▸ Problem to solve
Set down, word for word, the line with "this 1445×1927 image." and the lines after it through the final line of the data below, without pictures.

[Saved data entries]

####################

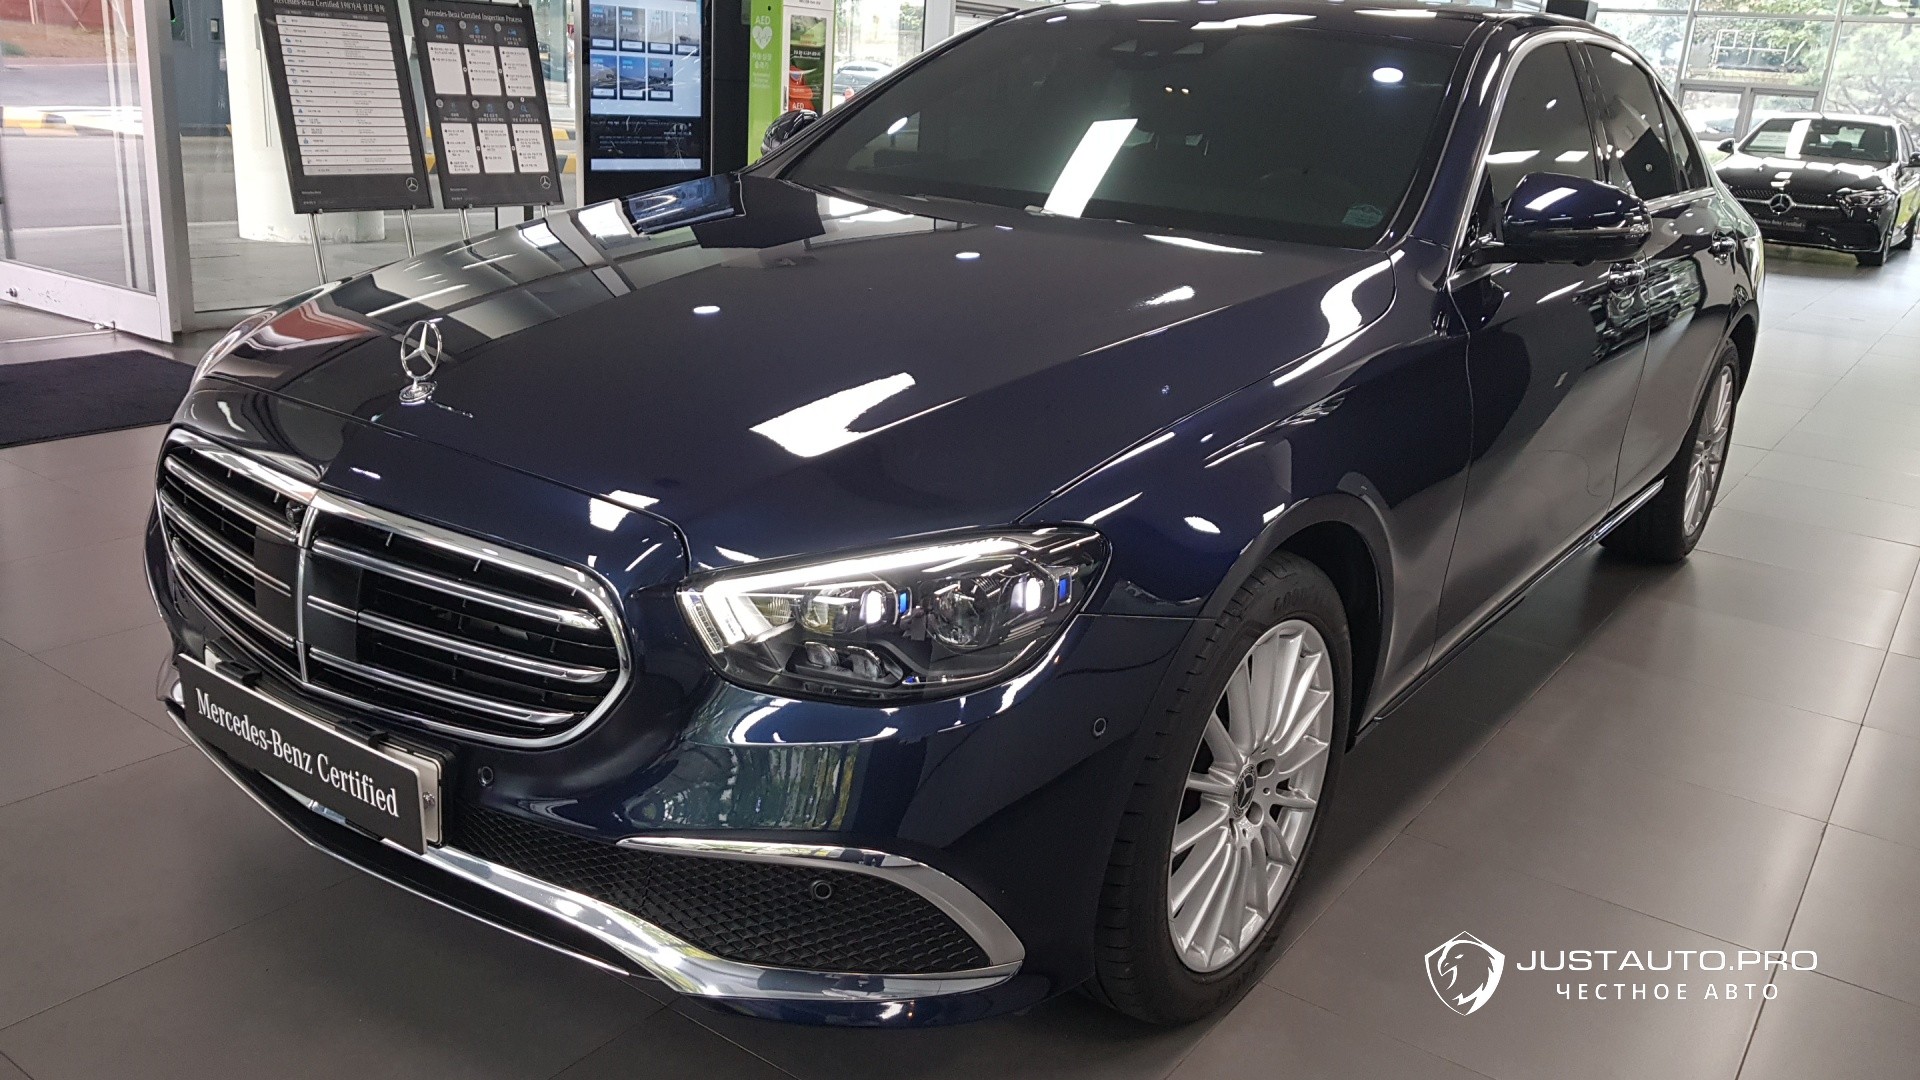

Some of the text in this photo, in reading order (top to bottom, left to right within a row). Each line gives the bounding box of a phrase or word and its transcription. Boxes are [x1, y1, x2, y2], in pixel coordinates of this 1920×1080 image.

[315, 0, 340, 9] Certified
[424, 8, 523, 23] Mercedes-Benz Certified Inspection Process
[755, 16, 771, 25] AED
[792, 102, 805, 110] AED
[195, 687, 400, 818] Mercedes-Benz Certified
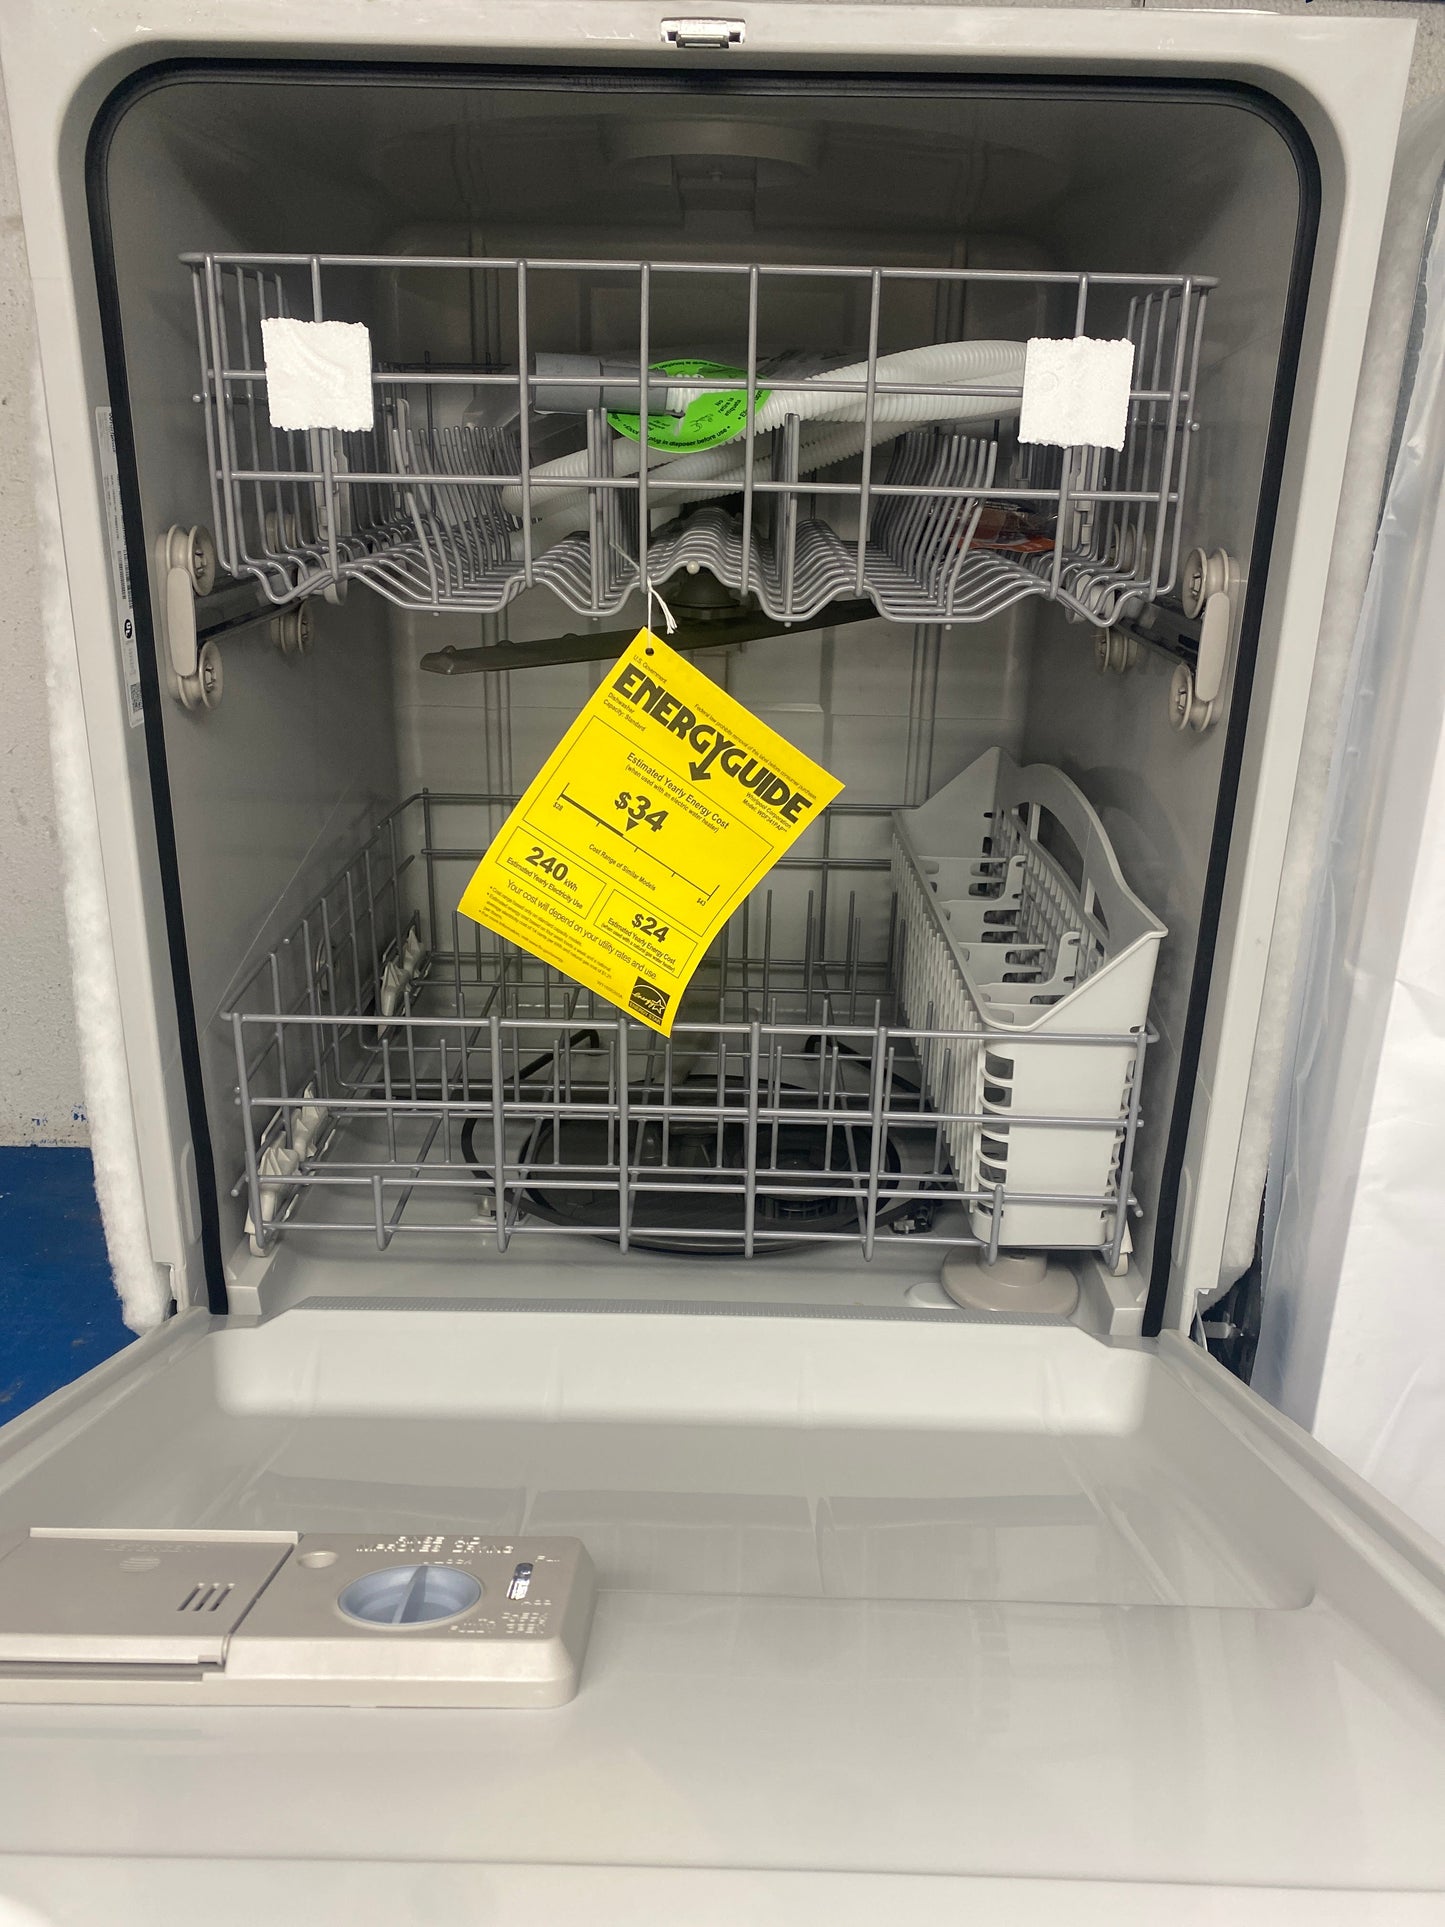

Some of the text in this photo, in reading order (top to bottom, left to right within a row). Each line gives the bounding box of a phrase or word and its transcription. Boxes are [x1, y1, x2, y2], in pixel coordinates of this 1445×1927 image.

[669, 440, 696, 449] disposer
[697, 434, 717, 445] before
[717, 428, 728, 438] use
[632, 654, 668, 684] U.S. Government
[603, 698, 646, 732] Capacity: Standard
[607, 691, 635, 714] Dishwasher
[611, 662, 813, 824] ENERGYGUIDE
[552, 801, 564, 811] $28
[624, 763, 720, 834] (when used with an electric water heater)
[626, 751, 730, 829] Estimated Yearly Energy Cost
[742, 798, 757, 811] Model:
[614, 791, 669, 832] $34
[745, 791, 792, 829] Whirlpool Corporation
[506, 856, 583, 909] Estimated Yearly Electricity Use
[524, 846, 578, 892] 240 kWh
[588, 843, 602, 855] Cost
[599, 850, 616, 865] Range
[621, 865, 640, 880] Similar
[638, 875, 656, 891] Models
[696, 897, 706, 907] $43
[507, 878, 657, 981] Your cost will depend on your utility rates and use.
[607, 917, 676, 965] Estimated Yearly Energy Cost
[631, 913, 669, 943] $24
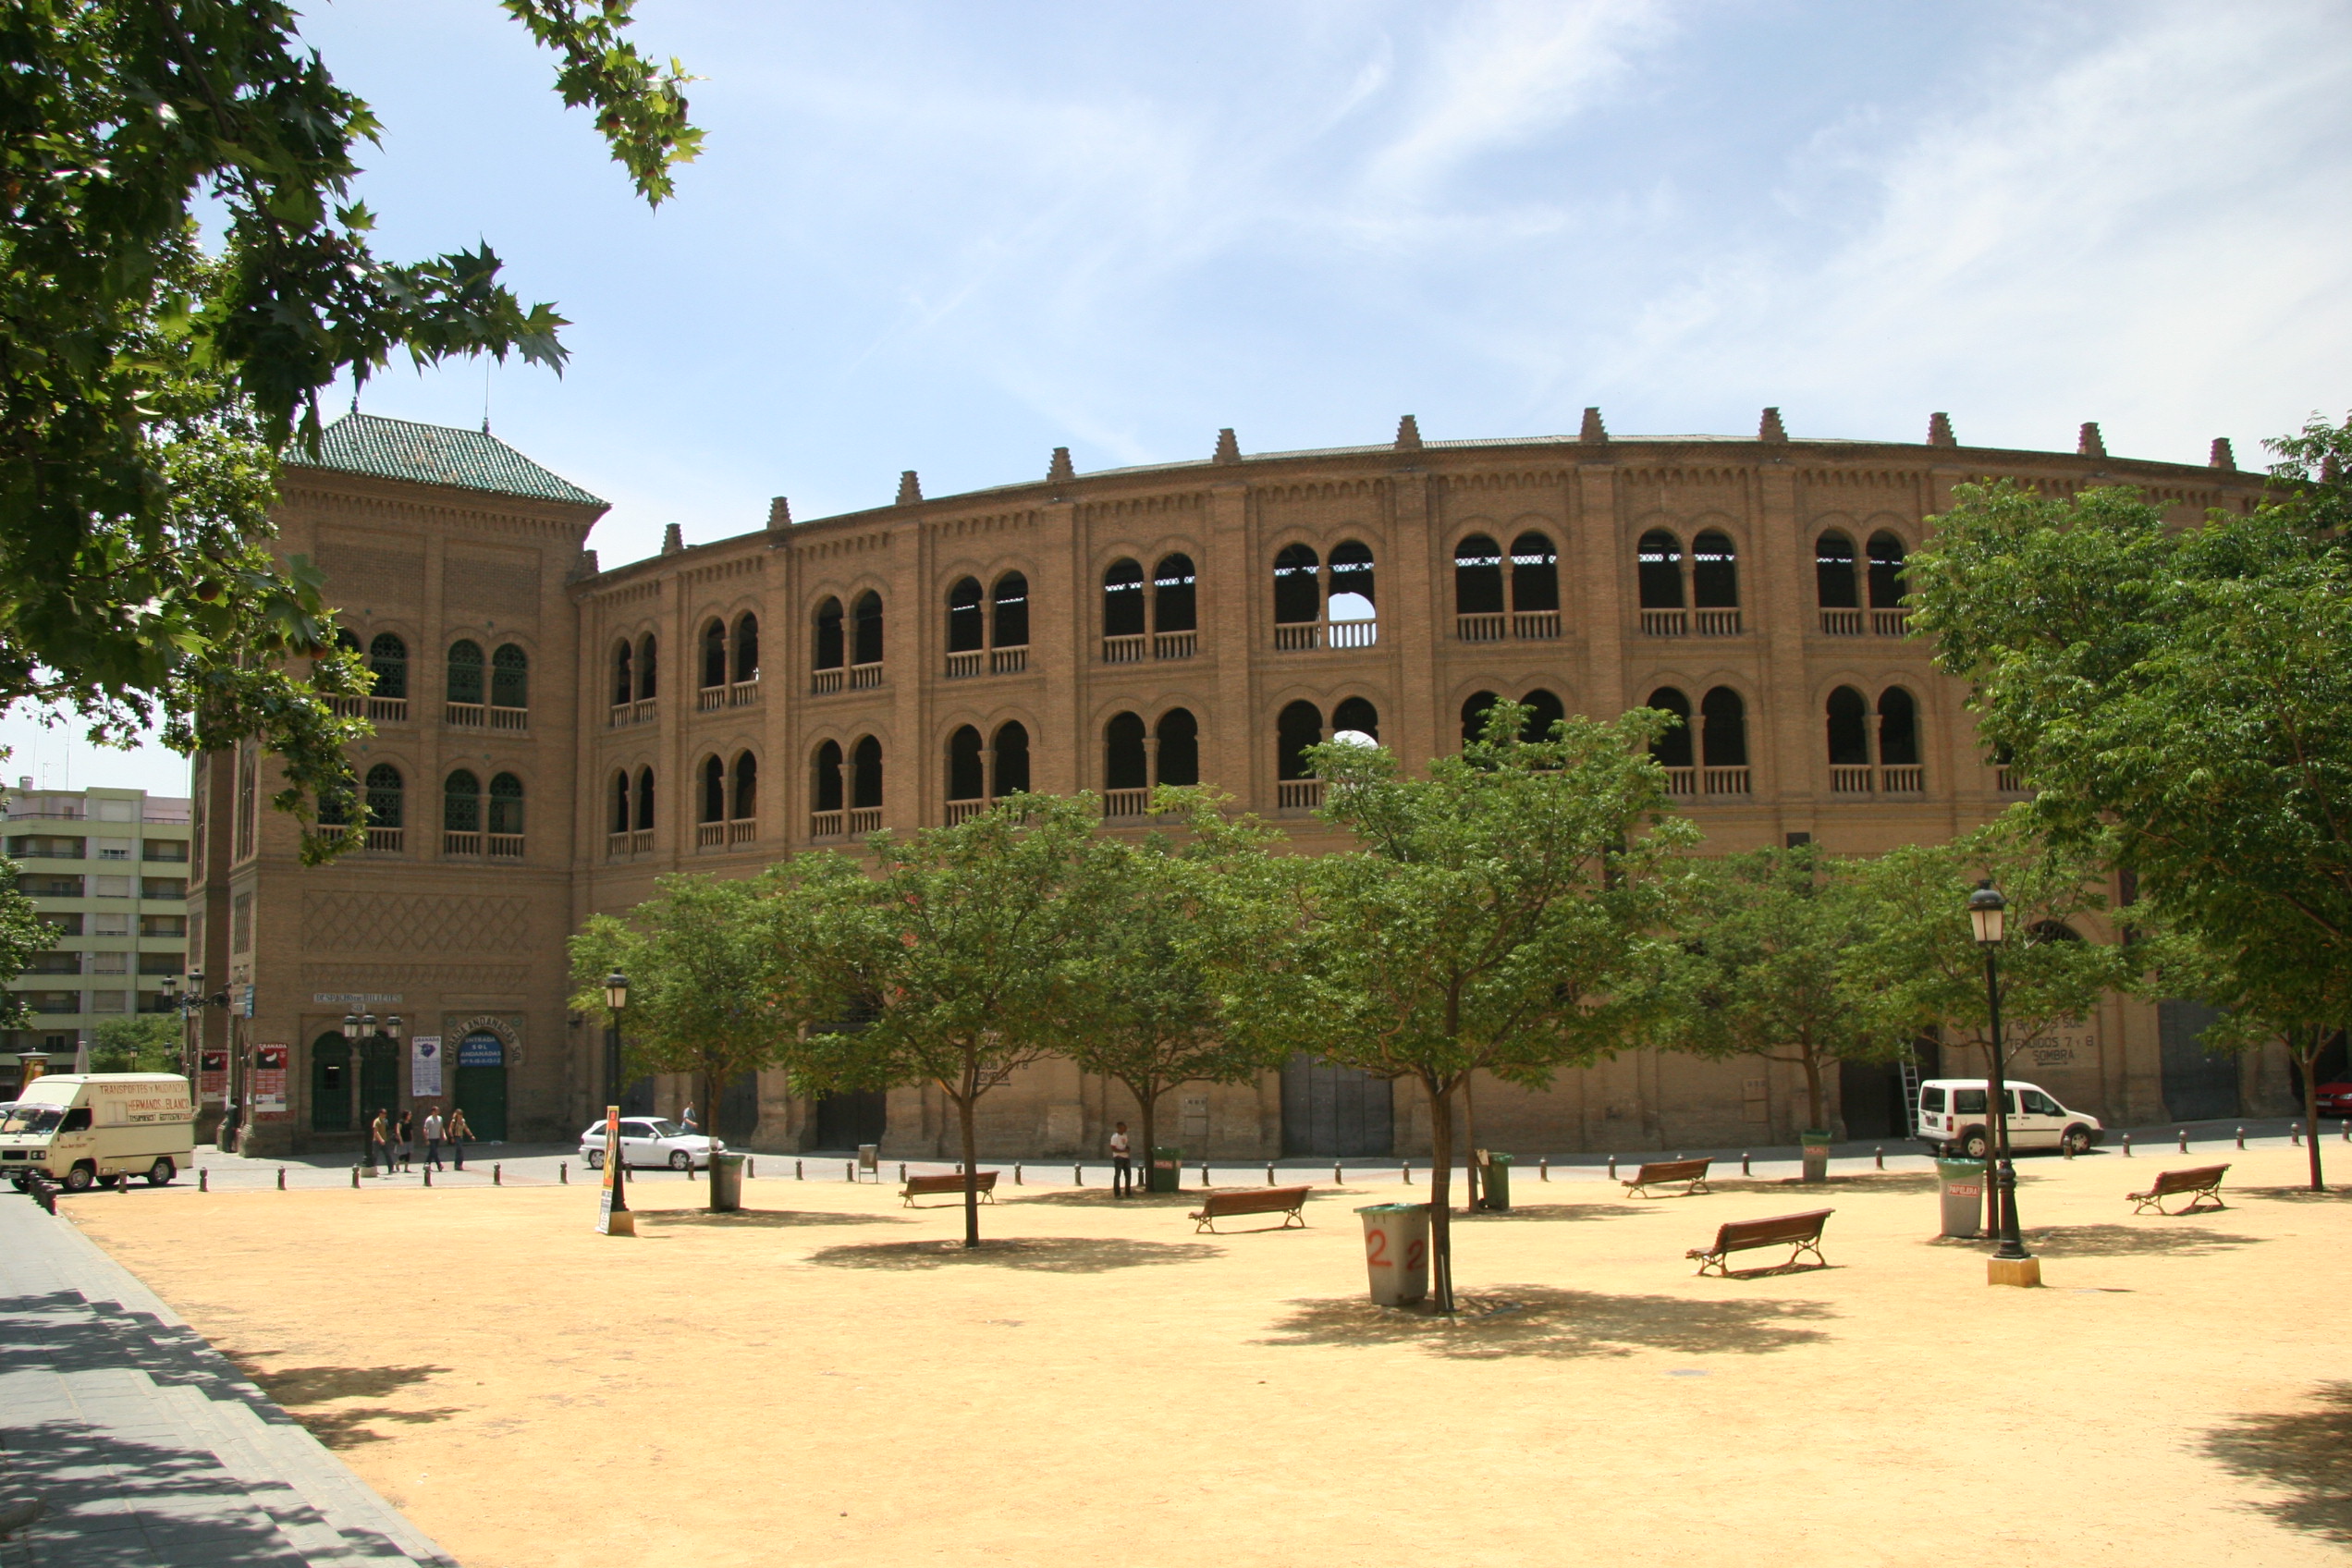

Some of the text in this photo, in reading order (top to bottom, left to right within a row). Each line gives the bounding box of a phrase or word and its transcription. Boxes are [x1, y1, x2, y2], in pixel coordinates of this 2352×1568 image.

[316, 993, 352, 1002] DESPACHO
[445, 1017, 521, 1065] ENTRADA ANDANADAS SOL
[2065, 1036, 2071, 1047] 7
[2086, 1035, 2094, 1046] 8
[2032, 1049, 2075, 1061] SOMBRA
[100, 1084, 148, 1095] TRANSPORTES
[129, 1097, 190, 1110] HERMANOS BLANCO
[1367, 1229, 1427, 1271] 2 2

####################

▸ Response
Some of the text in this photo, in reading order (top to bottom, left to right within a row). Each line gives the bounding box of a phrase or word and its transcription. Boxes are [x1, y1, x2, y2], in pixel coordinates of this 1445×1927 image.

[669, 440, 696, 449] disposer
[697, 434, 717, 445] before
[717, 428, 728, 438] use
[632, 654, 668, 684] U.S. Government
[603, 698, 646, 732] Capacity: Standard
[607, 691, 635, 714] Dishwasher
[611, 662, 813, 824] ENERGYGUIDE
[552, 801, 564, 811] $28
[624, 763, 720, 834] (when used with an electric water heater)
[626, 751, 730, 829] Estimated Yearly Energy Cost
[742, 798, 757, 811] Model:
[614, 791, 669, 832] $34
[745, 791, 792, 829] Whirlpool Corporation
[506, 856, 583, 909] Estimated Yearly Electricity Use
[524, 846, 578, 892] 240 kWh
[588, 843, 602, 855] Cost
[599, 850, 616, 865] Range
[621, 865, 640, 880] Similar
[638, 875, 656, 891] Models
[696, 897, 706, 907] $43
[507, 878, 657, 981] Your cost will depend on your utility rates and use.
[607, 917, 676, 965] Estimated Yearly Energy Cost
[631, 913, 669, 943] $24

Some of the text in this photo, in reading order (top to bottom, left to right within a row). Each line gives the bounding box of a phrase or word and its transcription. Boxes are [x1, y1, x2, y2], in pixel coordinates of this 2352×1568 image.

[316, 993, 352, 1002] DESPACHO
[445, 1017, 521, 1065] ENTRADA ANDANADAS SOL
[2065, 1036, 2071, 1047] 7
[2086, 1035, 2094, 1046] 8
[2032, 1049, 2075, 1061] SOMBRA
[100, 1084, 148, 1095] TRANSPORTES
[129, 1097, 190, 1110] HERMANOS BLANCO
[1367, 1229, 1427, 1271] 2 2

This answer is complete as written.